◆ Exercise details: Every line below is to be set down again exactly; any image stays out.

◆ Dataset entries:
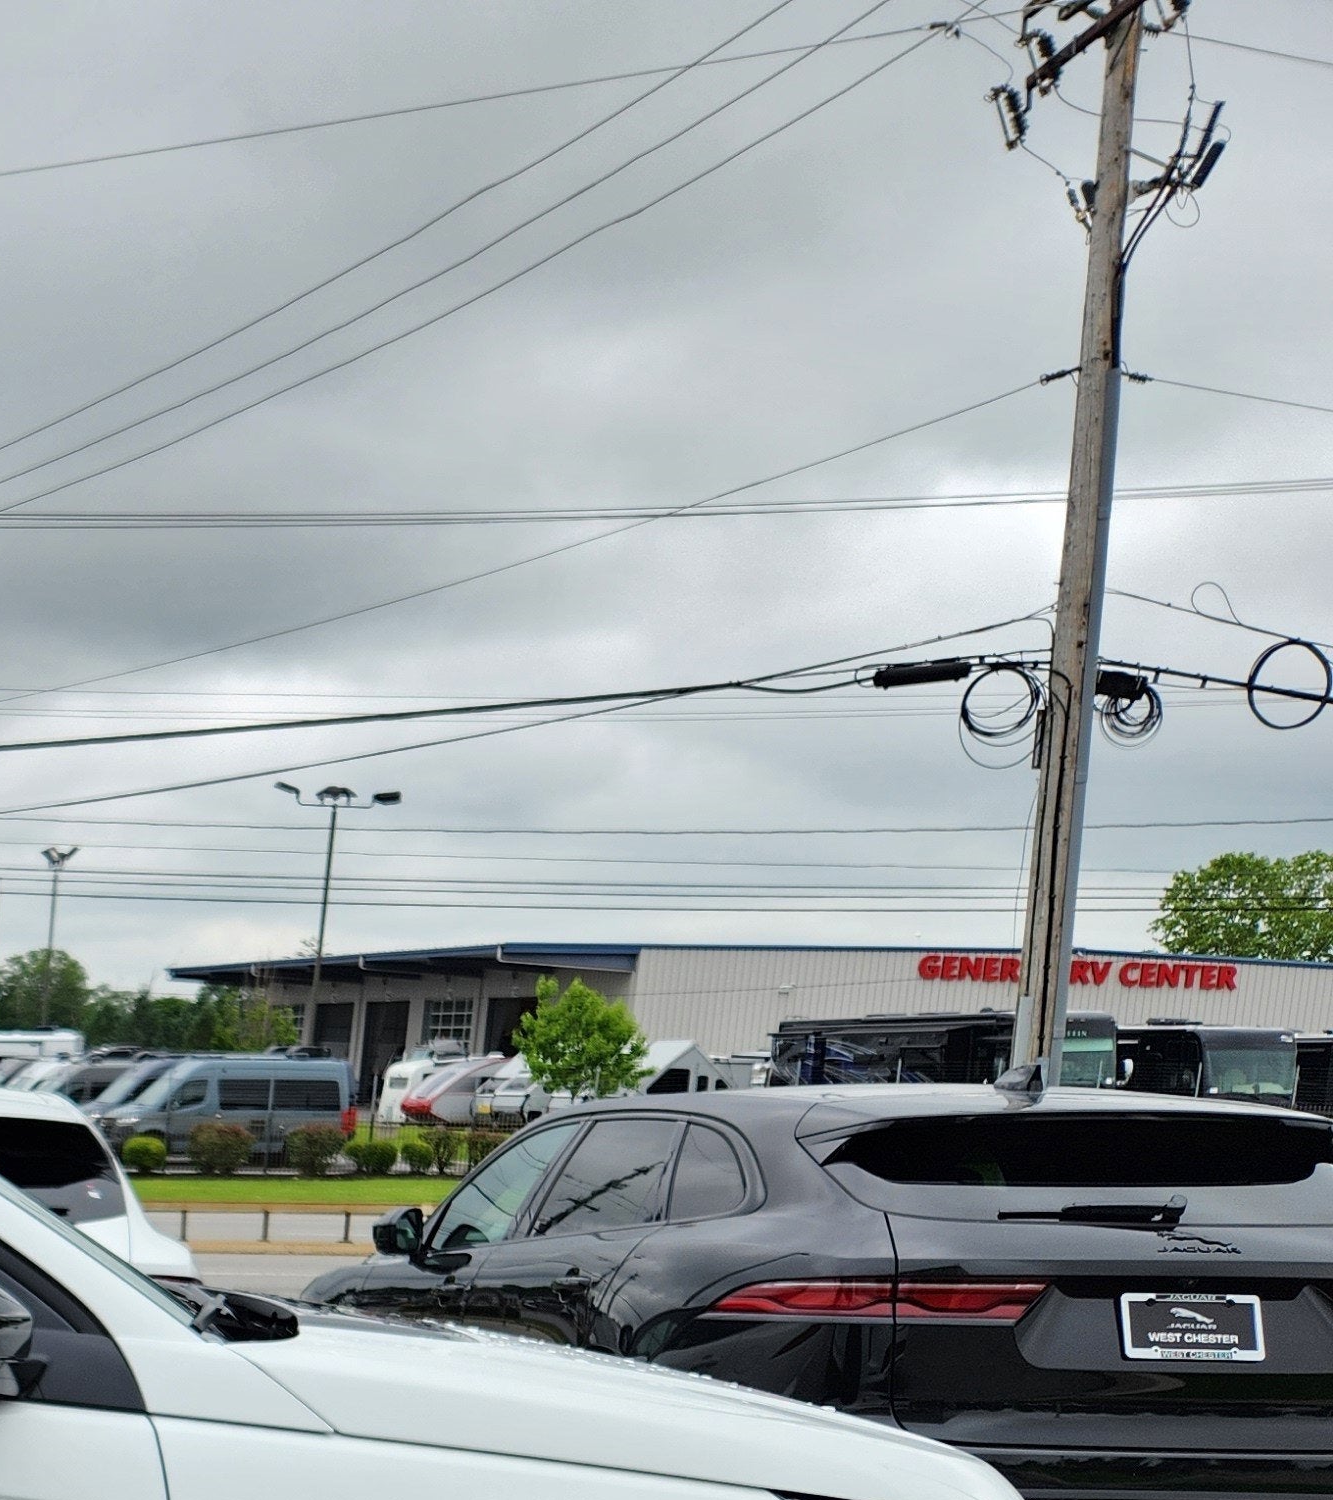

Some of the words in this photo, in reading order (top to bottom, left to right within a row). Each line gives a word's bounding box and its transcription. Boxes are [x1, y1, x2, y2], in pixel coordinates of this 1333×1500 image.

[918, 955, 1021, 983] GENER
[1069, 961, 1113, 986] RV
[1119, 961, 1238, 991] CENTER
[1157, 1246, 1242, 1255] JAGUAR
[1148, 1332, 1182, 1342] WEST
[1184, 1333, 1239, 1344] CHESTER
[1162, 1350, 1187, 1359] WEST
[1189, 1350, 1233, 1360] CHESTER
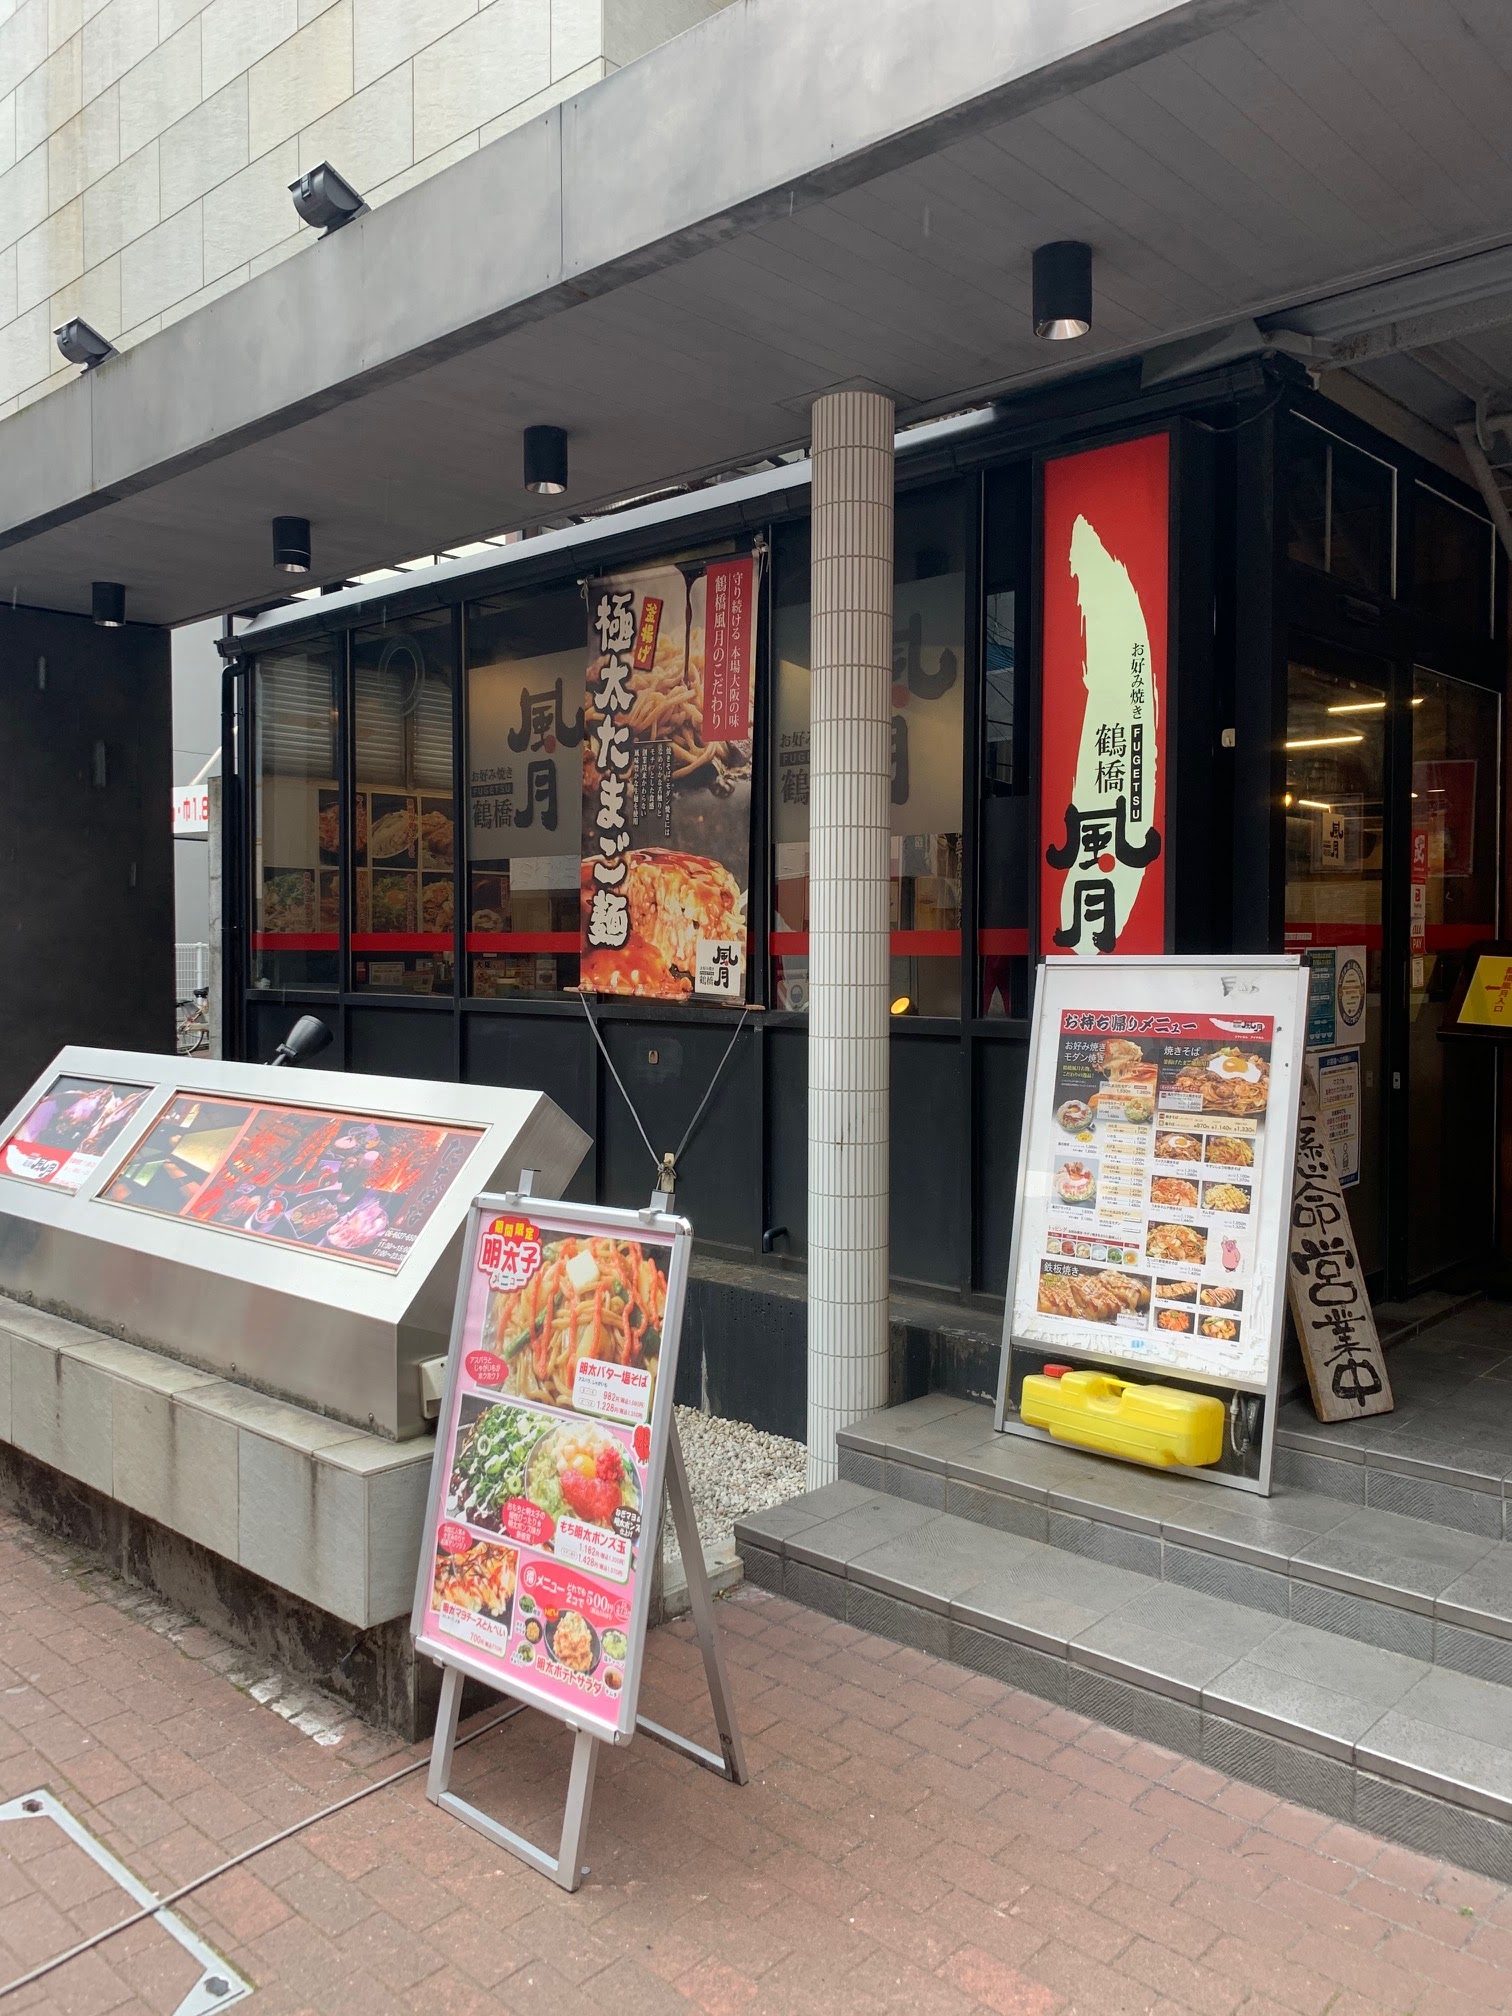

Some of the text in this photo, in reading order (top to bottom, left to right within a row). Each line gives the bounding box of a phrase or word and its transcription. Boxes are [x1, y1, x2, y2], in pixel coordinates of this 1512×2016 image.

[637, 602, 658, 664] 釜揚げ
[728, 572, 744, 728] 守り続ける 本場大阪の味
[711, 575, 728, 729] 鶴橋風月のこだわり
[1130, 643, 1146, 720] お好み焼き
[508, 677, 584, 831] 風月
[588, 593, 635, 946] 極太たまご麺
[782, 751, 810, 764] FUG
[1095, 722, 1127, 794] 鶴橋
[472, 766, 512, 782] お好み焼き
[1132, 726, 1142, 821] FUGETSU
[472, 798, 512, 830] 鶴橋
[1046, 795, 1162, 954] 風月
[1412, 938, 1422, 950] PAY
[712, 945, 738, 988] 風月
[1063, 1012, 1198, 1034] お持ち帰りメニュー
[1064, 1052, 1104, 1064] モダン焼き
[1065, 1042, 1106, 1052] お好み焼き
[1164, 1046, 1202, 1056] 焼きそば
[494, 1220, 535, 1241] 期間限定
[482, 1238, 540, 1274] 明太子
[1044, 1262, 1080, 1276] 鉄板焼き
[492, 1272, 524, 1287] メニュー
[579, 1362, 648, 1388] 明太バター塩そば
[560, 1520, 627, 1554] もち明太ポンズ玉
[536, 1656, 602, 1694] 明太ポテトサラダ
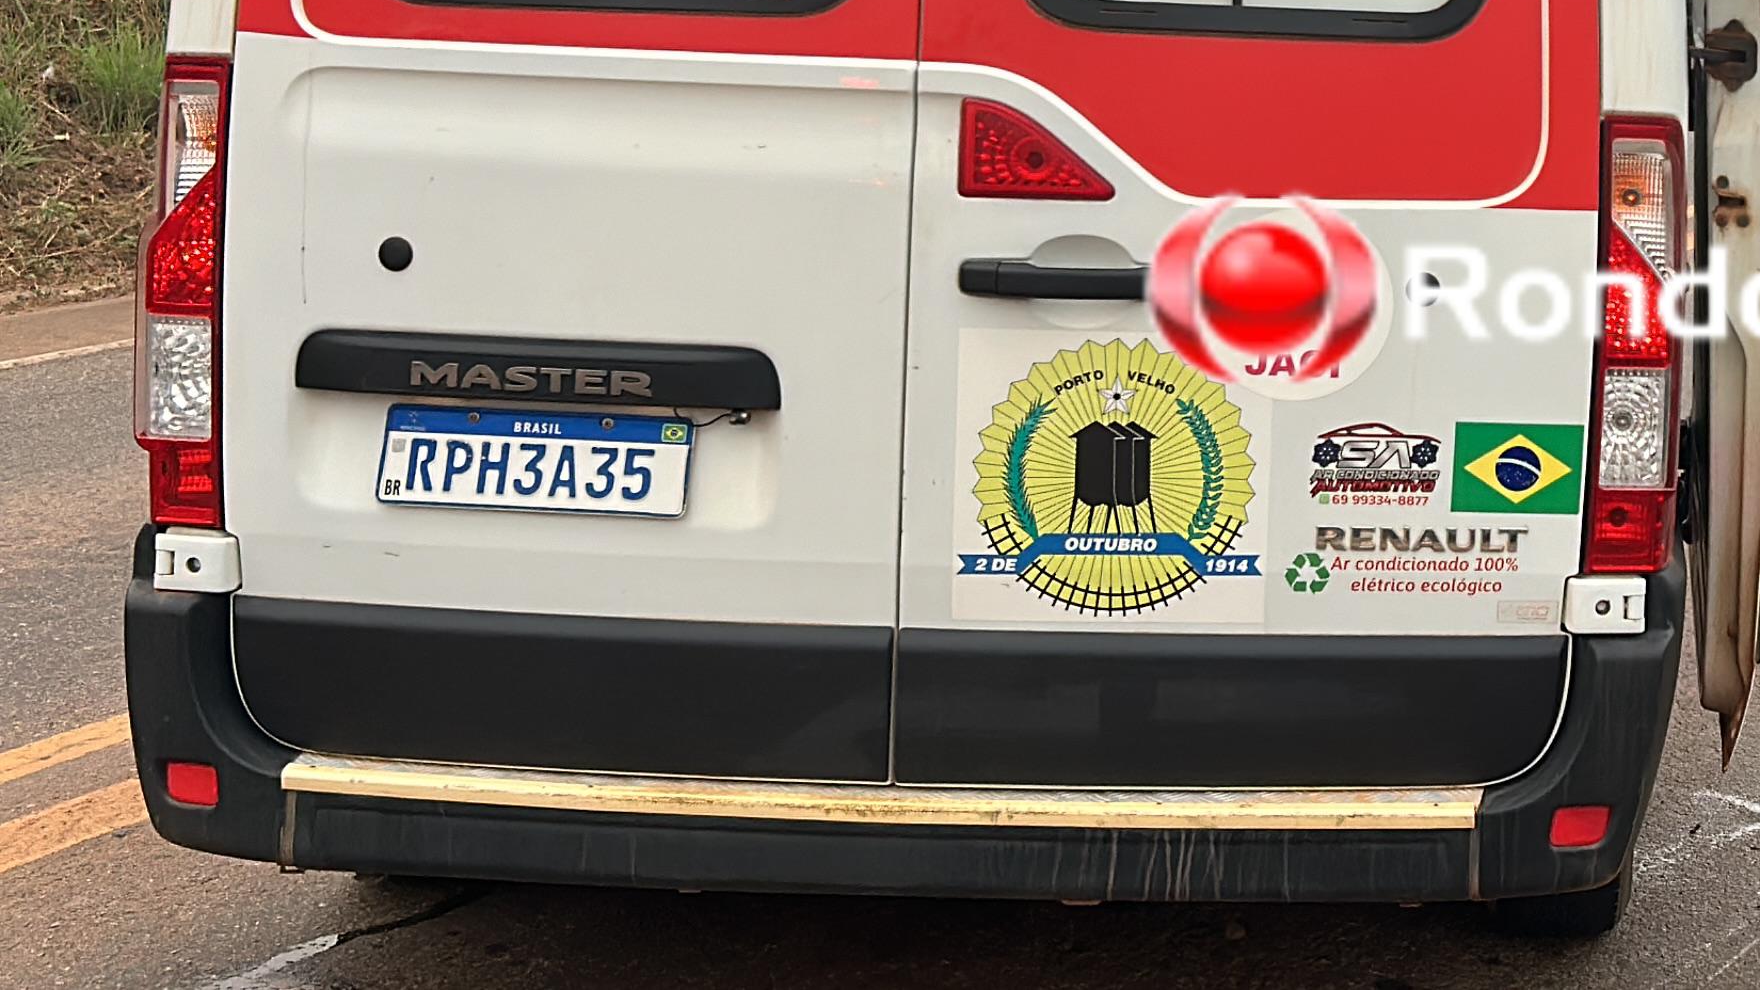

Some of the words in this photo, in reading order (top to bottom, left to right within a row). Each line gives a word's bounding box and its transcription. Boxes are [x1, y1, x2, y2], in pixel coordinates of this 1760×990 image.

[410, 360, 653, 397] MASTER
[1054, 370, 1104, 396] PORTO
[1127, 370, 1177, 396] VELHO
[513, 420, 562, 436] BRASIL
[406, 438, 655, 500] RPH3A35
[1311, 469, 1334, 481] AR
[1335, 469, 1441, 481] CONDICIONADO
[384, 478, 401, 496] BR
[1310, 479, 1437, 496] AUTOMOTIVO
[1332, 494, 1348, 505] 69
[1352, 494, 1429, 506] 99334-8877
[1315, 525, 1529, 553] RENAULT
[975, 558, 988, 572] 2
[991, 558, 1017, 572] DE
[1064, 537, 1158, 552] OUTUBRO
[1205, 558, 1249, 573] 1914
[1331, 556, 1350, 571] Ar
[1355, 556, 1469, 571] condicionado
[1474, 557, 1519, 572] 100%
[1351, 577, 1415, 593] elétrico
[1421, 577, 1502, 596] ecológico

◆ Result of this exercise:
Some of the words in this photo, in reading order (top to bottom, left to right within a row). Each line gives a word's bounding box and its transcription. Boxes are [x1, y1, x2, y2], in pixel coordinates of this 1333×1500 image.

[918, 955, 1021, 983] GENER
[1069, 961, 1113, 986] RV
[1119, 961, 1238, 991] CENTER
[1157, 1246, 1242, 1255] JAGUAR
[1148, 1332, 1182, 1342] WEST
[1184, 1333, 1239, 1344] CHESTER
[1162, 1350, 1187, 1359] WEST
[1189, 1350, 1233, 1360] CHESTER

Some of the text in this photo, in reading order (top to bottom, left to right within a row). Each line gives the bounding box of a phrase or word and its transcription. Boxes are [x1, y1, x2, y2], in pixel coordinates of this 1512×2016 image.

[637, 602, 658, 664] 釜揚げ
[728, 572, 744, 728] 守り続ける 本場大阪の味
[711, 575, 728, 729] 鶴橋風月のこだわり
[1130, 643, 1146, 720] お好み焼き
[508, 677, 584, 831] 風月
[588, 593, 635, 946] 極太たまご麺
[782, 751, 810, 764] FUG
[1095, 722, 1127, 794] 鶴橋
[472, 766, 512, 782] お好み焼き
[1132, 726, 1142, 821] FUGETSU
[472, 798, 512, 830] 鶴橋
[1046, 795, 1162, 954] 風月
[1412, 938, 1422, 950] PAY
[712, 945, 738, 988] 風月
[1063, 1012, 1198, 1034] お持ち帰りメニュー
[1064, 1052, 1104, 1064] モダン焼き
[1065, 1042, 1106, 1052] お好み焼き
[1164, 1046, 1202, 1056] 焼きそば
[494, 1220, 535, 1241] 期間限定
[482, 1238, 540, 1274] 明太子
[1044, 1262, 1080, 1276] 鉄板焼き
[492, 1272, 524, 1287] メニュー
[579, 1362, 648, 1388] 明太バター塩そば
[560, 1520, 627, 1554] もち明太ポンズ玉
[536, 1656, 602, 1694] 明太ポテトサラダ

Some of the words in this photo, in reading order (top to bottom, left to right within a row). Each line gives a word's bounding box and its transcription. Boxes are [x1, y1, x2, y2], in pixel coordinates of this 1760×990 image.

[410, 360, 653, 397] MASTER
[1054, 370, 1104, 396] PORTO
[1127, 370, 1177, 396] VELHO
[513, 420, 562, 436] BRASIL
[406, 438, 655, 500] RPH3A35
[1311, 469, 1334, 481] AR
[1335, 469, 1441, 481] CONDICIONADO
[384, 478, 401, 496] BR
[1310, 479, 1437, 496] AUTOMOTIVO
[1332, 494, 1348, 505] 69
[1352, 494, 1429, 506] 99334-8877
[1315, 525, 1529, 553] RENAULT
[975, 558, 988, 572] 2
[991, 558, 1017, 572] DE
[1064, 537, 1158, 552] OUTUBRO
[1205, 558, 1249, 573] 1914
[1331, 556, 1350, 571] Ar
[1355, 556, 1469, 571] condicionado
[1474, 557, 1519, 572] 100%
[1351, 577, 1415, 593] elétrico
[1421, 577, 1502, 596] ecológico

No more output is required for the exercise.